▸ REQUIRED WORK: Starting with the line that contains "this 1112×1500 image." and ending with the last line of the listing, print each line exactly. Pictures stay out.

▸ RECORDS PROVIDED:

^^^^^^^^^^^^^^^^

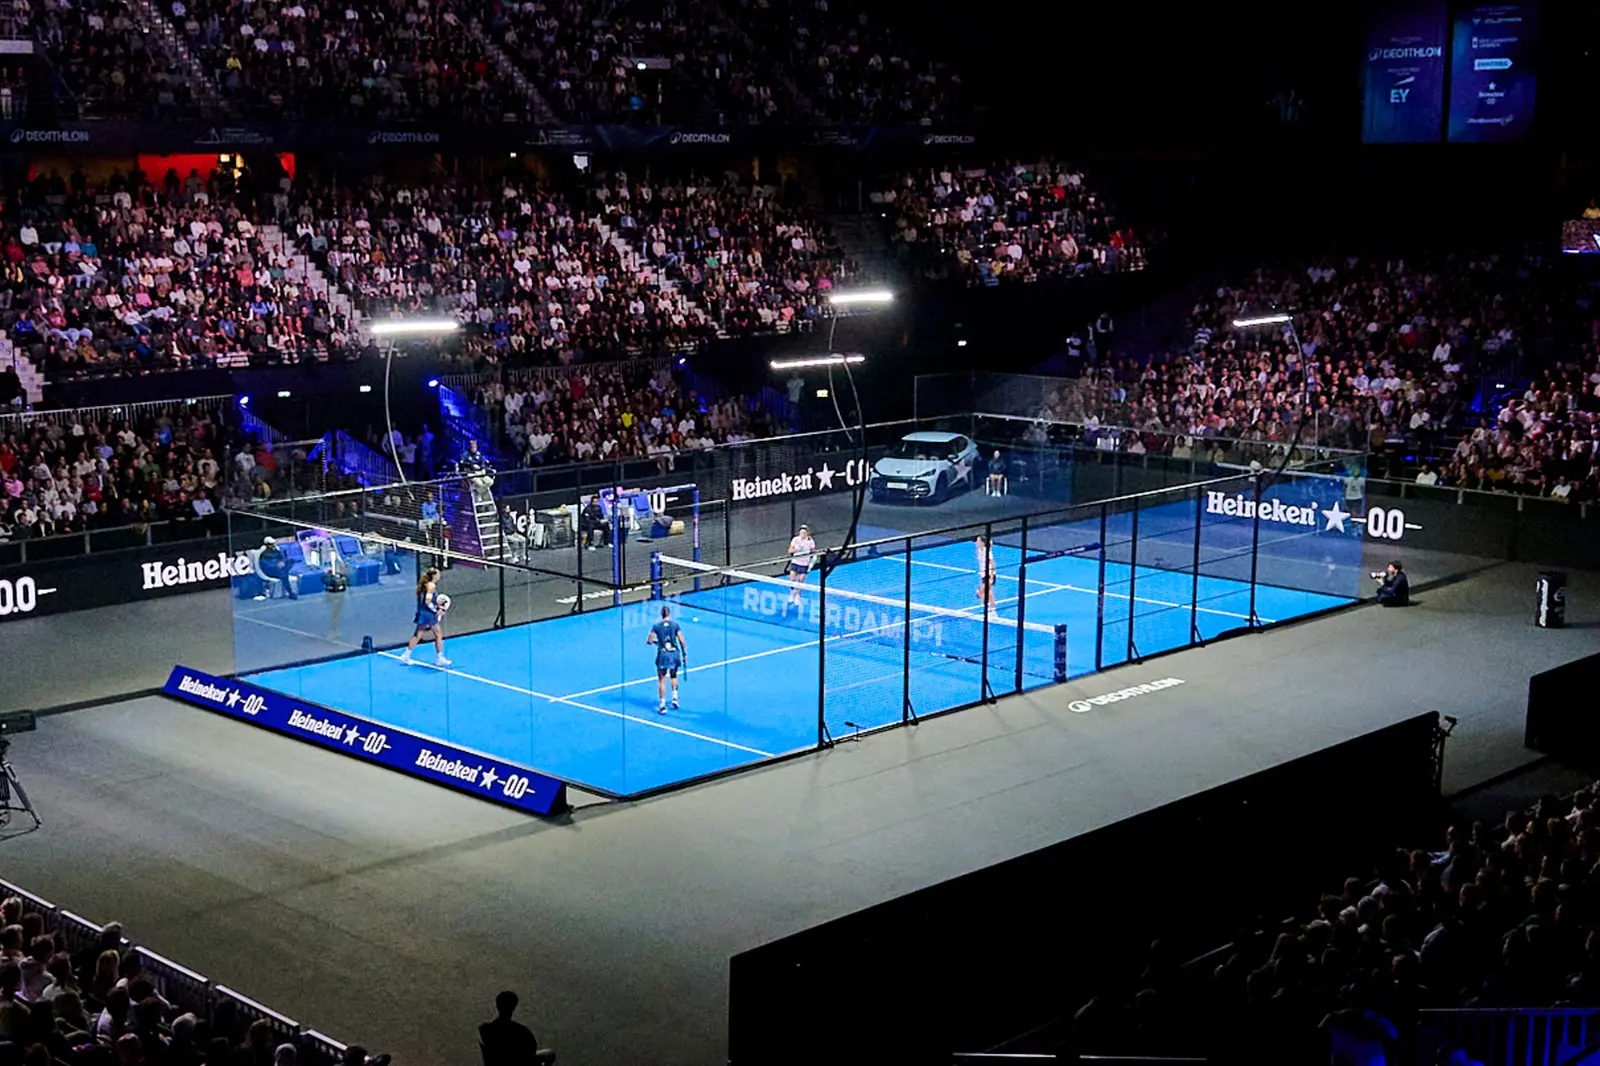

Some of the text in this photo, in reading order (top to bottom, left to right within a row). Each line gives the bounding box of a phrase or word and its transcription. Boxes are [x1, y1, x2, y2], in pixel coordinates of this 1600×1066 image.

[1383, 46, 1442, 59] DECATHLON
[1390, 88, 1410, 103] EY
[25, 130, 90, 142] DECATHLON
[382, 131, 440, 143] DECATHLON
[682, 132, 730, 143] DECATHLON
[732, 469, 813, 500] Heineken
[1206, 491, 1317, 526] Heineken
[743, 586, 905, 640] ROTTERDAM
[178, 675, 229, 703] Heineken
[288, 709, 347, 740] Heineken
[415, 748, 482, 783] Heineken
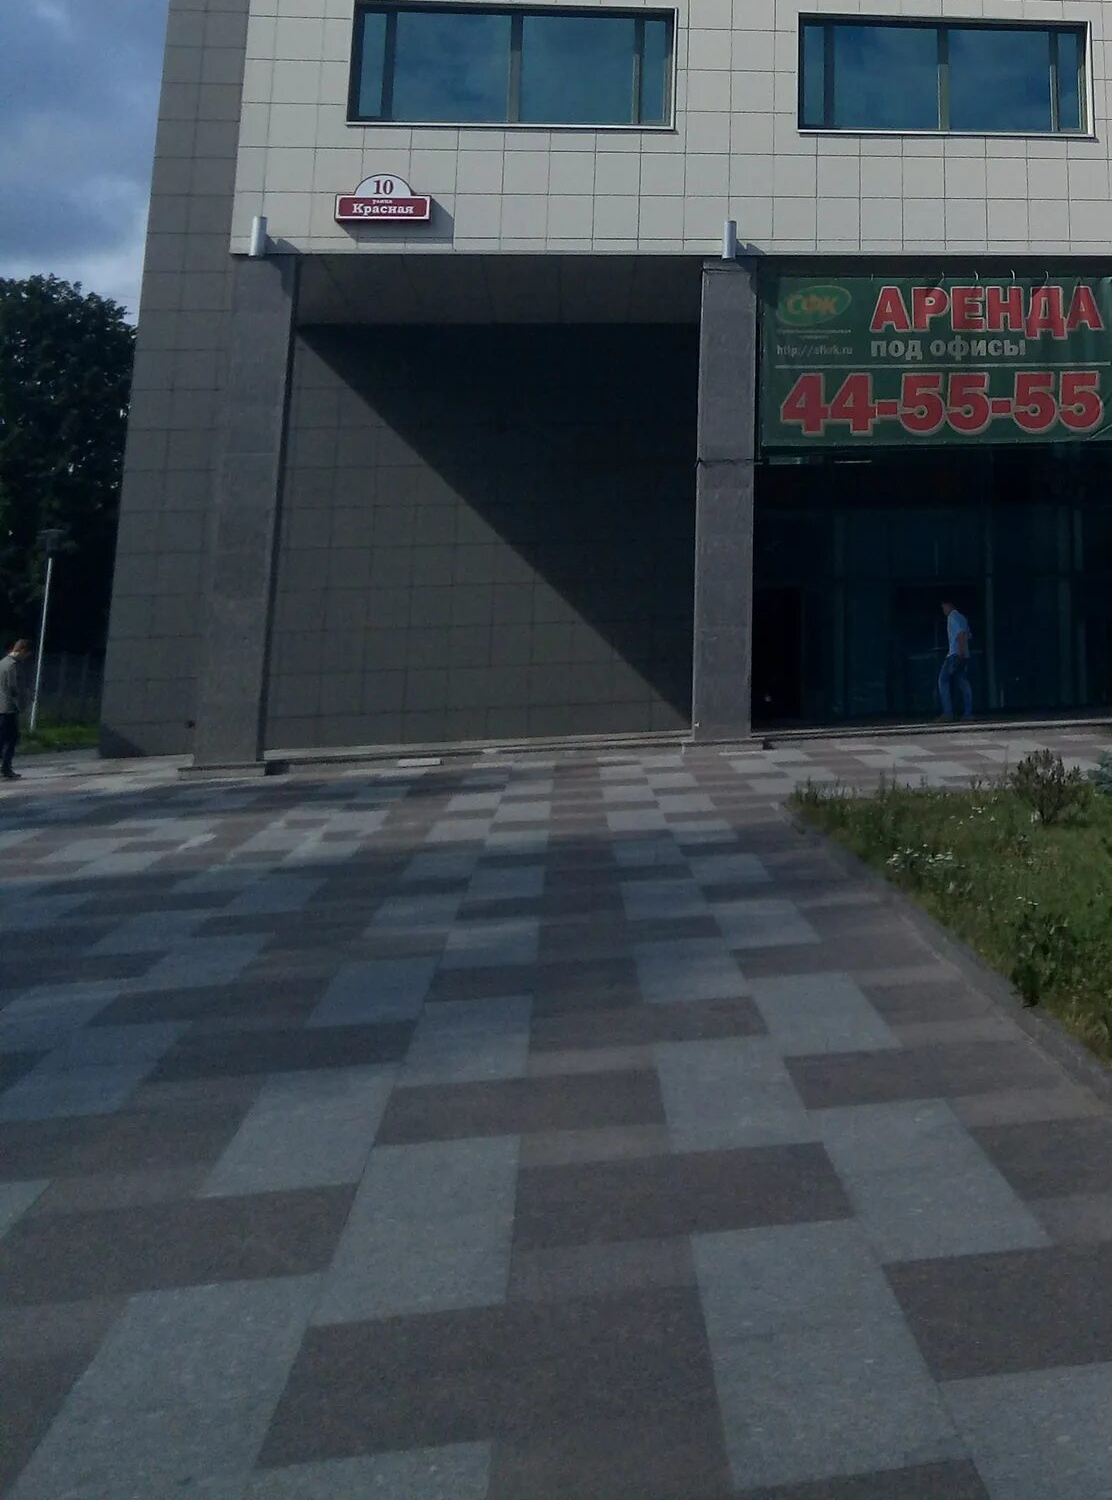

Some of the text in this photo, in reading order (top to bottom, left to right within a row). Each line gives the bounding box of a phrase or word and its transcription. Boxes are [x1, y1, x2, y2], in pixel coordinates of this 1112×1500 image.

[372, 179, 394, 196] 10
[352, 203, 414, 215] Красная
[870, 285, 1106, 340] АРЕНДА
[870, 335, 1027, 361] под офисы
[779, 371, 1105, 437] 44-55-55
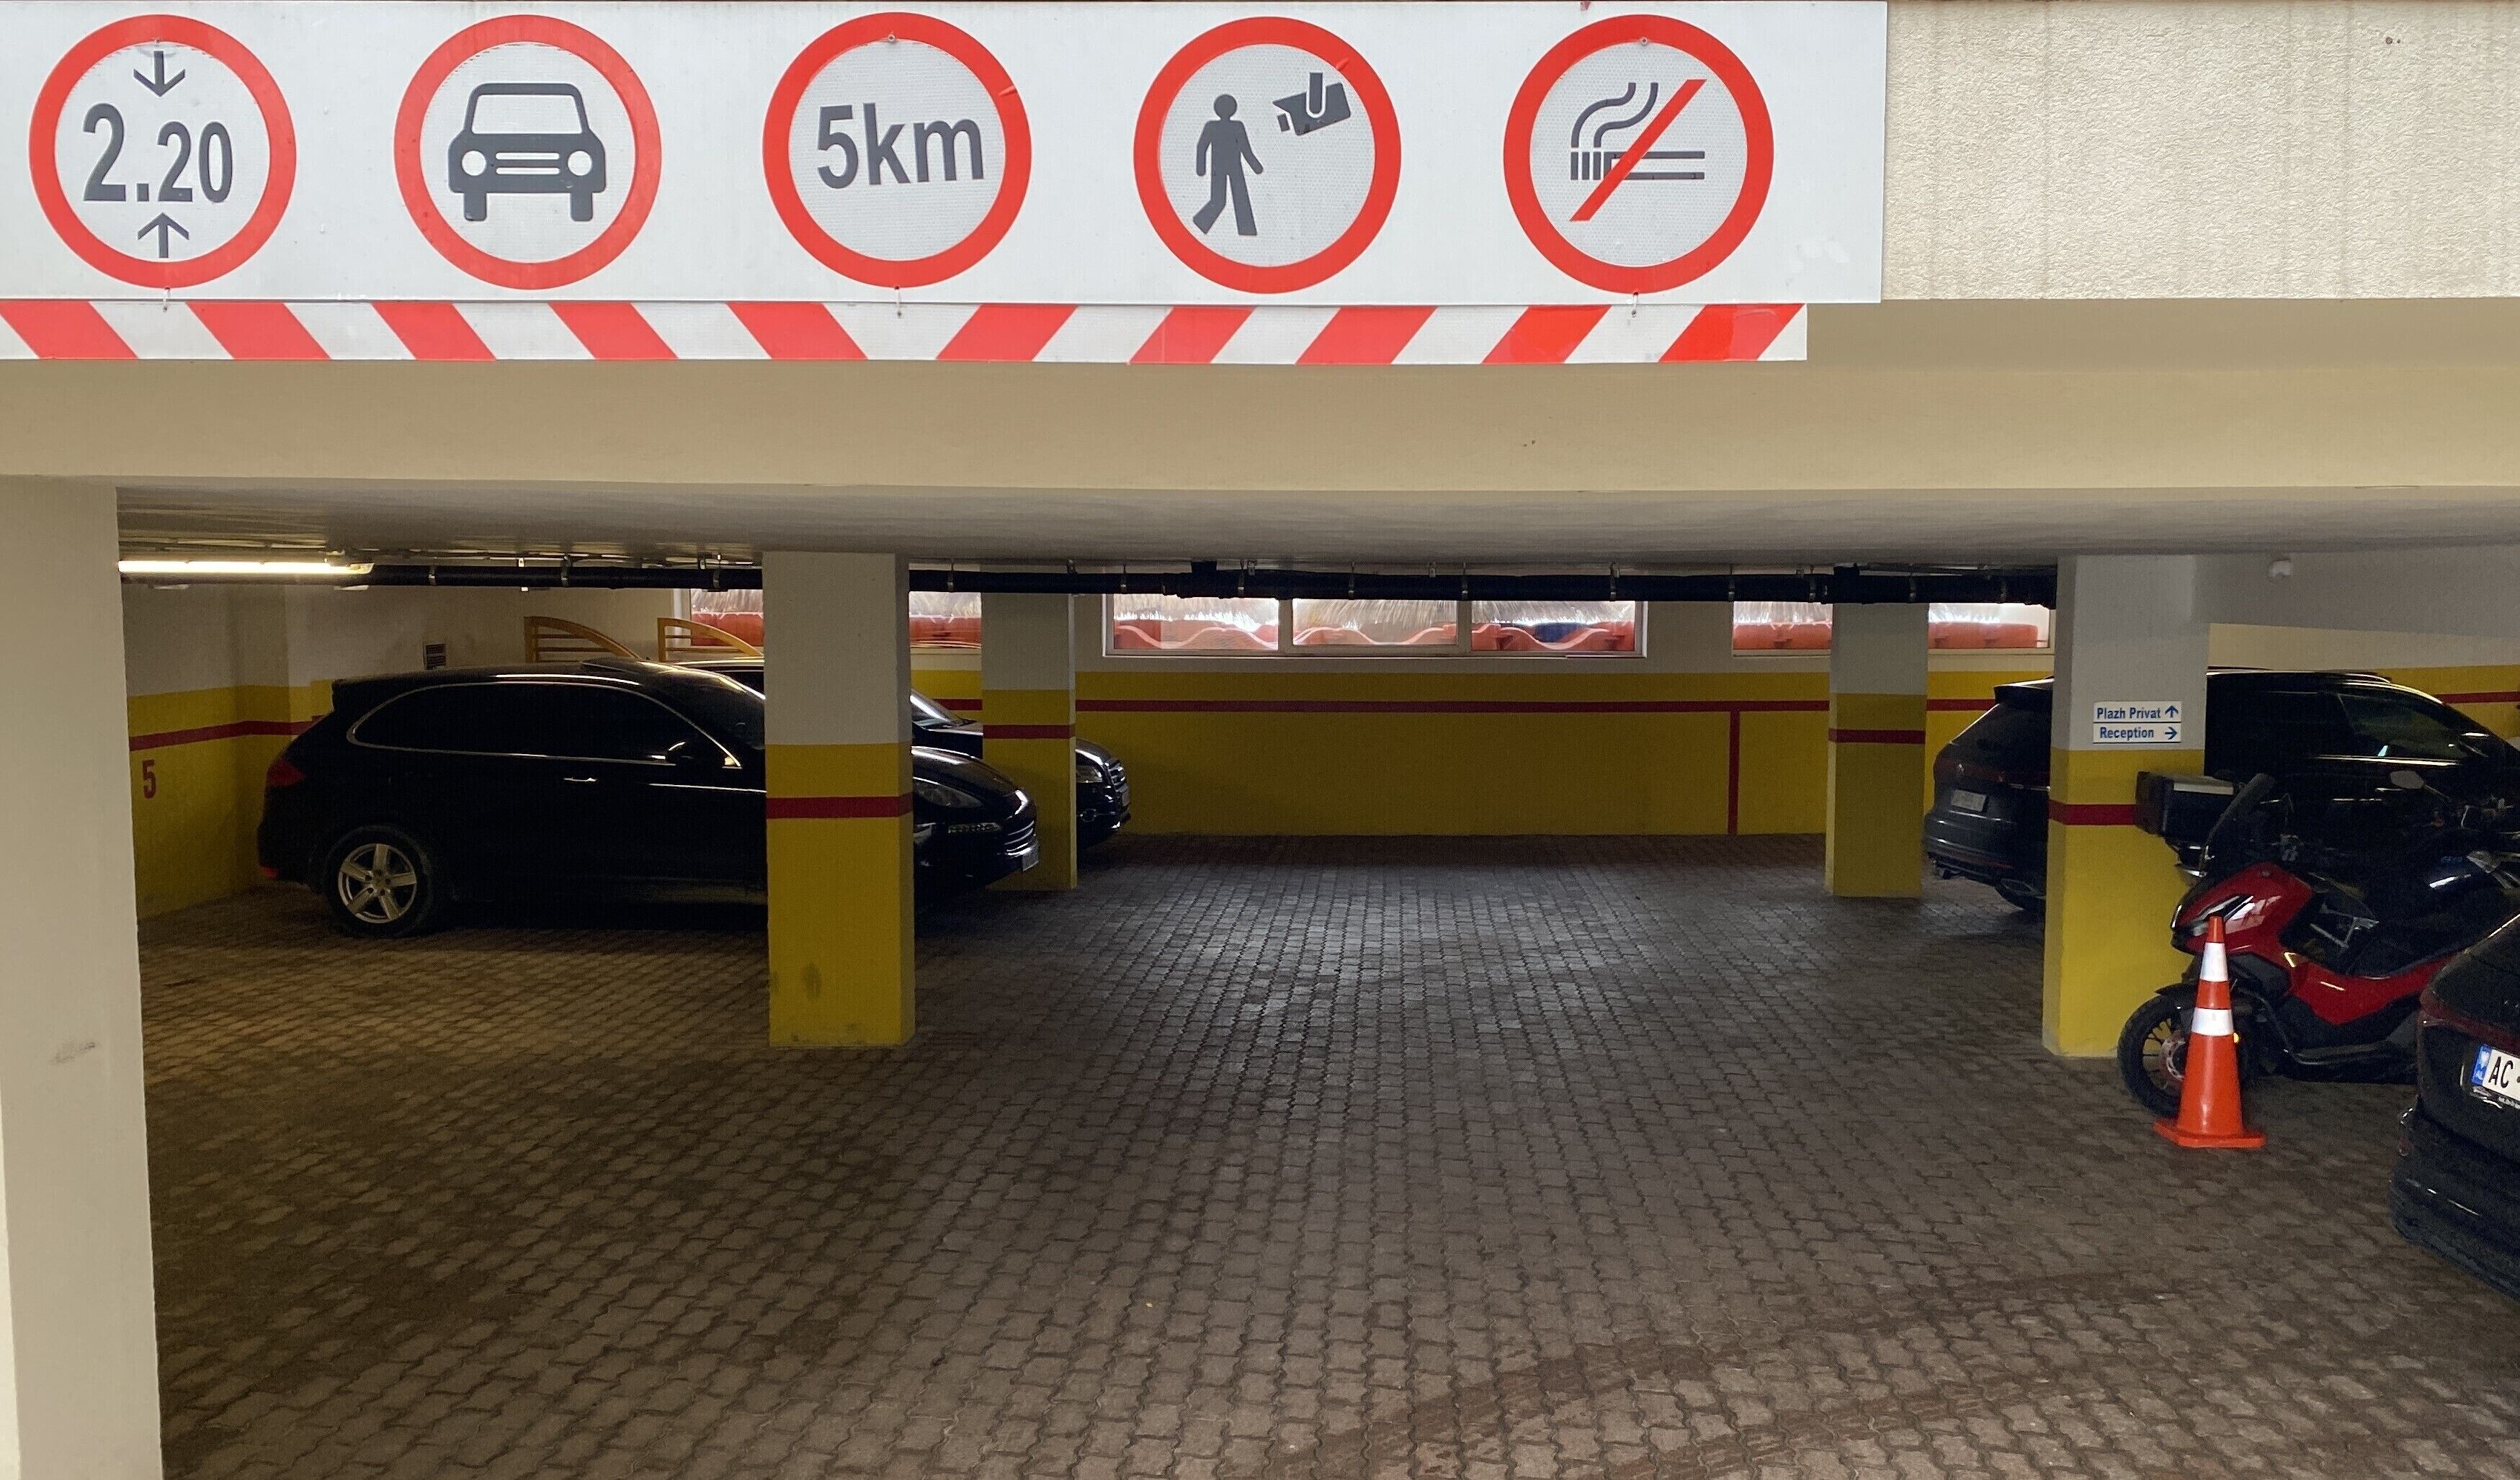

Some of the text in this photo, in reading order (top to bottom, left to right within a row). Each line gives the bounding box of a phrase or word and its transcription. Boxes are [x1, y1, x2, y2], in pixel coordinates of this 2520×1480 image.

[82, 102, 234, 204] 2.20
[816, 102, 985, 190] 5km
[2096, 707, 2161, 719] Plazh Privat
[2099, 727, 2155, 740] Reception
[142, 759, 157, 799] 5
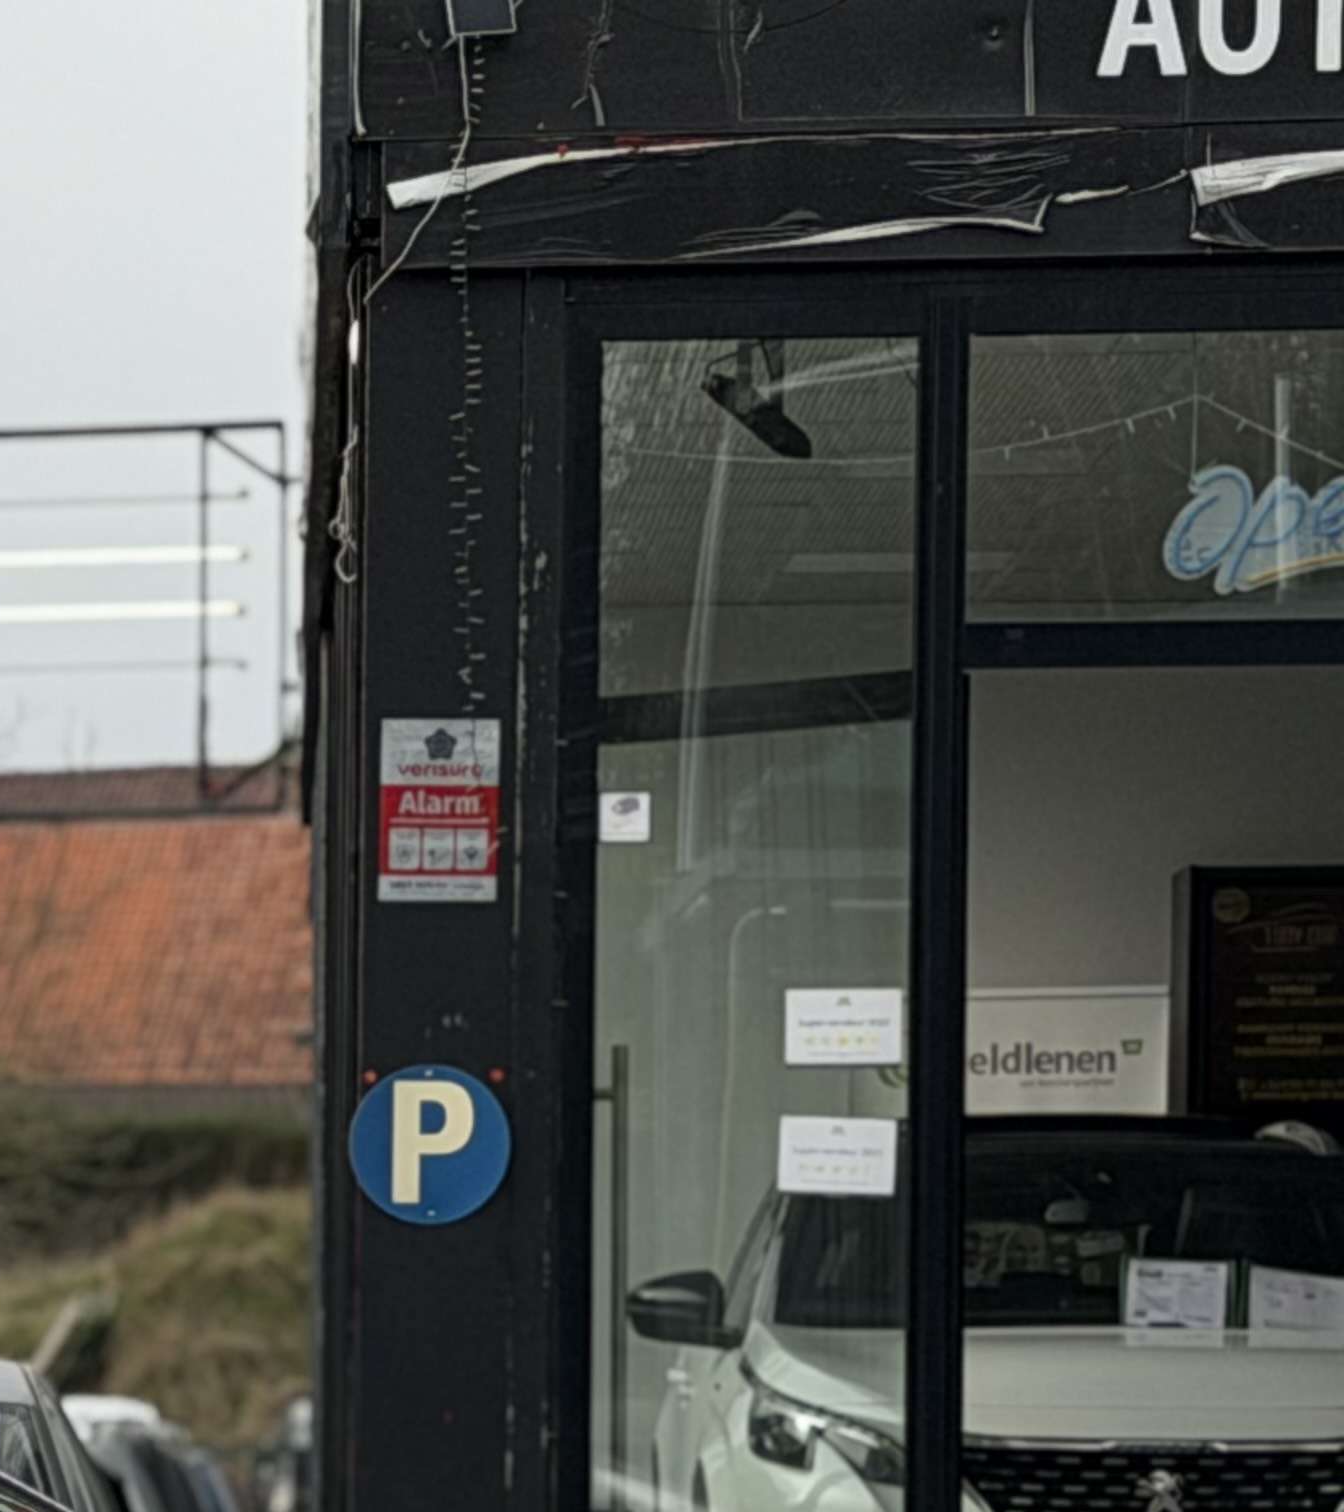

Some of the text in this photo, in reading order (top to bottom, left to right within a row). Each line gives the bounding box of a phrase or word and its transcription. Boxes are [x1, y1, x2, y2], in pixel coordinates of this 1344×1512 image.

^^^^^^^^^^^^^^^^

▸ EXPECTED ANSWER:
Some of the text in this photo, in reading order (top to bottom, left to right within a row). Each line gives the bounding box of a phrase or word and its transcription. Boxes are [x1, y1, x2, y2], in pixel coordinates of this 1112×1500 image.

[372, 179, 394, 196] 10
[352, 203, 414, 215] Красная
[870, 285, 1106, 340] АРЕНДА
[870, 335, 1027, 361] под офисы
[779, 371, 1105, 437] 44-55-55

Some of the text in this photo, in reading order (top to bottom, left to right within a row). Each line gives the bounding box of a phrase or word and its transcription. Boxes are [x1, y1, x2, y2], in pixel coordinates of this 2520×1480 image.

[82, 102, 234, 204] 2.20
[816, 102, 985, 190] 5km
[2096, 707, 2161, 719] Plazh Privat
[2099, 727, 2155, 740] Reception
[142, 759, 157, 799] 5

Some of the text in this photo, in reading order (top to bottom, left to right within a row). Each line gives the bounding box of a phrase or word and its transcription. Boxes are [x1, y1, x2, y2], in pixel coordinates of this 1344×1512 image.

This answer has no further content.